Doing Right By Dairy

Josh Harkinson considers the environmental costs of no-kill dairies:

If all dairies became slaughter-free, we’d need three to four times as many dairy cows to produce the same amount of milk, which would mean adding at least 27 million additional cows to our herds. Those added cows would each year produce greenhouse gas emissions equivalent to four large coal-fired power plants. We’d also need more meat cows to keep up with the demand for products such as veal and dog food. Pasturing all of these cows would displace wildlife or agricultural crops, straining biodiversity and increasing food prices.

Perhaps bioengineered vegan gouda is the answer?

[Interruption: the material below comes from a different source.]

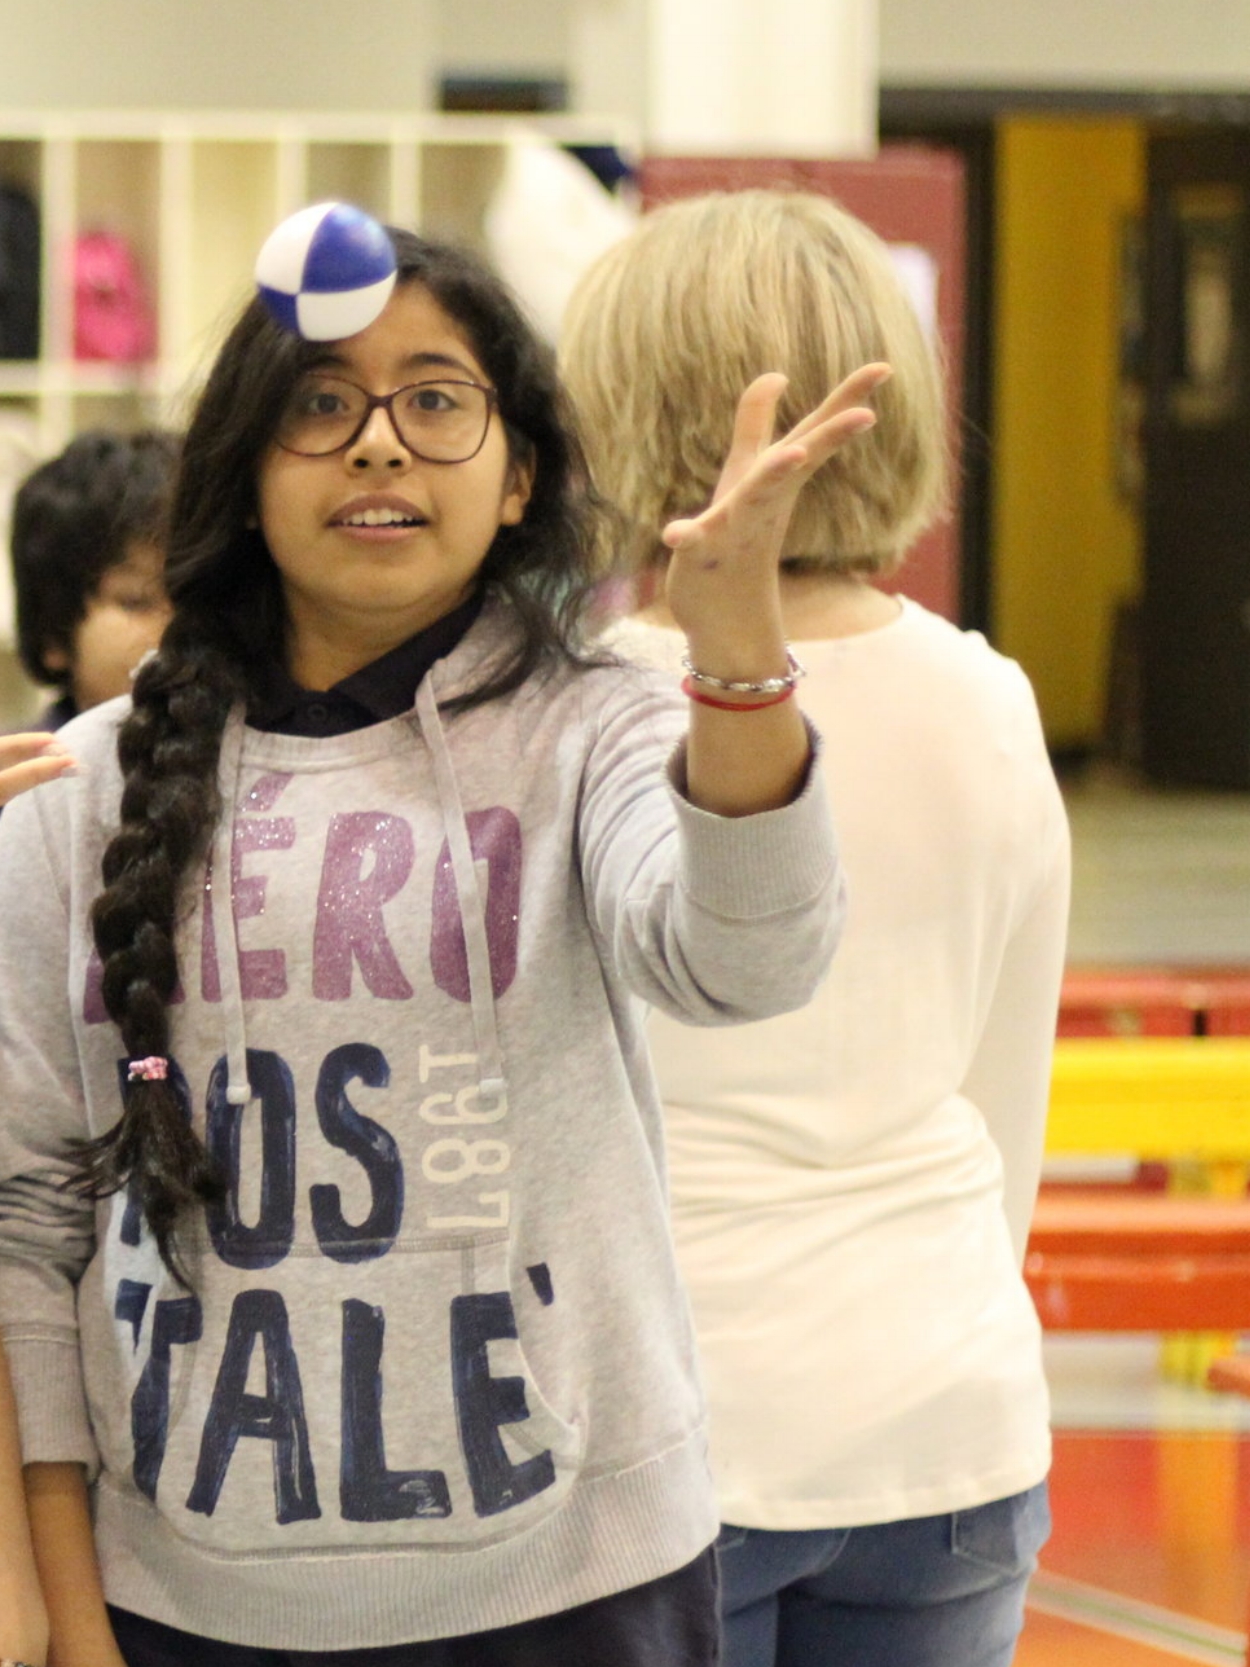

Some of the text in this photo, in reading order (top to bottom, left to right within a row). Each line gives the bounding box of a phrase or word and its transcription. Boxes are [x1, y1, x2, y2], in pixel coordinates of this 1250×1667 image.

[84, 773, 523, 1025] ÉRO
[117, 1042, 404, 1270] OS
[418, 1044, 511, 1229] 1987

The journey towards vegan cheese began a few years ago, when synthetic biologist Marc Juul started thinking about the genetic engineering possibilities. Now, Juul and a group of people from two Bay Area biohacker spaces, Counter Culture Labs and BioCurious, are trying to create a finished product in time for the International Genetically Engineered Machine competition – a global synthetic biology competition–in October. … In order to get baker’s yeast to produce milk proteins, the team scoured animal genomes to come up with milk-protein genetic sequences. Those sequences are then inserted into yeast, where they can produce milk protein. Once the protein is purified, it needs to be mixed with a vegan milk-fat replacement, sugar (not lactose, so that the cheese will be edible by the lactose intolerant among us), and water to create vegan milk. Then the normal cheese-making process can commence. The team wants to start with a cheddar or gouda to satisfy vegan cravings for hard cheese.